** INFORMATION GIVEN follows **
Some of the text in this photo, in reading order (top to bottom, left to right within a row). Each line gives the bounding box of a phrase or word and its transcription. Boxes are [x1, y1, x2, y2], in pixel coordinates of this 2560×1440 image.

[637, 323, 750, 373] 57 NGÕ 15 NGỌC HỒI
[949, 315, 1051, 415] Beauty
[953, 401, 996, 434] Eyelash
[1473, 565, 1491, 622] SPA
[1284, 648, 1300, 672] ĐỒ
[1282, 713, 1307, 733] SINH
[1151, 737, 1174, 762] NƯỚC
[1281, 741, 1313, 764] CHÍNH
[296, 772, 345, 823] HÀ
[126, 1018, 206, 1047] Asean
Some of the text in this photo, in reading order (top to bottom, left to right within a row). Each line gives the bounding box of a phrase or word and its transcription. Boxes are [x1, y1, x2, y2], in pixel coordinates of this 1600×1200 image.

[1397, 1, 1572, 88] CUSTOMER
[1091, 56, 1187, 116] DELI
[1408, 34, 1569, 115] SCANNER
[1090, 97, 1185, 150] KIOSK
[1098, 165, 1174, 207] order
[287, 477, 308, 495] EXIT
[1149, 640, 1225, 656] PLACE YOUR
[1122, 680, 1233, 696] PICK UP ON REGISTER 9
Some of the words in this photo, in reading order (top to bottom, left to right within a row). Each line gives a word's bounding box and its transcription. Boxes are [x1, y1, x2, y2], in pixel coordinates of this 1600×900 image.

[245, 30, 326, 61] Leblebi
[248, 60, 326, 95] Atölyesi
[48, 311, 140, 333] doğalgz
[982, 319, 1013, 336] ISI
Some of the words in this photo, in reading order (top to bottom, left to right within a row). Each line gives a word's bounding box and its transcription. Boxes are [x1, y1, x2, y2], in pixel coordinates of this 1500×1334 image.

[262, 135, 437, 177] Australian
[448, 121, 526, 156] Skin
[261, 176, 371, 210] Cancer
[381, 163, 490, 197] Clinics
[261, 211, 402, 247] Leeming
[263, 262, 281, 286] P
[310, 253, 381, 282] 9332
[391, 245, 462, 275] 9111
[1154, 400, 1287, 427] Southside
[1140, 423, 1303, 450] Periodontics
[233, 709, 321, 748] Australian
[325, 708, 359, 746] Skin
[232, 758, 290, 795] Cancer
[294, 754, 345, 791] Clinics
** End of INFORMATION GIVEN **
* [ABOUT THIS TASK]:
All of the data above should be set down word for word.

* [TASK RESPONSE]:
Some of the text in this photo, in reading order (top to bottom, left to right within a row). Each line gives the bounding box of a phrase or word and its transcription. Boxes are [x1, y1, x2, y2], in pixel coordinates of this 2560×1440 image.

[637, 323, 750, 373] 57 NGÕ 15 NGỌC HỒI
[949, 315, 1051, 415] Beauty
[953, 401, 996, 434] Eyelash
[1473, 565, 1491, 622] SPA
[1284, 648, 1300, 672] ĐỒ
[1282, 713, 1307, 733] SINH
[1151, 737, 1174, 762] NƯỚC
[1281, 741, 1313, 764] CHÍNH
[296, 772, 345, 823] HÀ
[126, 1018, 206, 1047] Asean
Some of the text in this photo, in reading order (top to bottom, left to right within a row). Each line gives the bounding box of a phrase or word and its transcription. Boxes are [x1, y1, x2, y2], in pixel coordinates of this 1600×1200 image.

[1397, 1, 1572, 88] CUSTOMER
[1091, 56, 1187, 116] DELI
[1408, 34, 1569, 115] SCANNER
[1090, 97, 1185, 150] KIOSK
[1098, 165, 1174, 207] order
[287, 477, 308, 495] EXIT
[1149, 640, 1225, 656] PLACE YOUR
[1122, 680, 1233, 696] PICK UP ON REGISTER 9
Some of the words in this photo, in reading order (top to bottom, left to right within a row). Each line gives a word's bounding box and its transcription. Boxes are [x1, y1, x2, y2], in pixel coordinates of this 1600×900 image.

[245, 30, 326, 61] Leblebi
[248, 60, 326, 95] Atölyesi
[48, 311, 140, 333] doğalgz
[982, 319, 1013, 336] ISI
Some of the words in this photo, in reading order (top to bottom, left to right within a row). Each line gives a word's bounding box and its transcription. Boxes are [x1, y1, x2, y2], in pixel coordinates of this 1500×1334 image.

[262, 135, 437, 177] Australian
[448, 121, 526, 156] Skin
[261, 176, 371, 210] Cancer
[381, 163, 490, 197] Clinics
[261, 211, 402, 247] Leeming
[263, 262, 281, 286] P
[310, 253, 381, 282] 9332
[391, 245, 462, 275] 9111
[1154, 400, 1287, 427] Southside
[1140, 423, 1303, 450] Periodontics
[233, 709, 321, 748] Australian
[325, 708, 359, 746] Skin
[232, 758, 290, 795] Cancer
[294, 754, 345, 791] Clinics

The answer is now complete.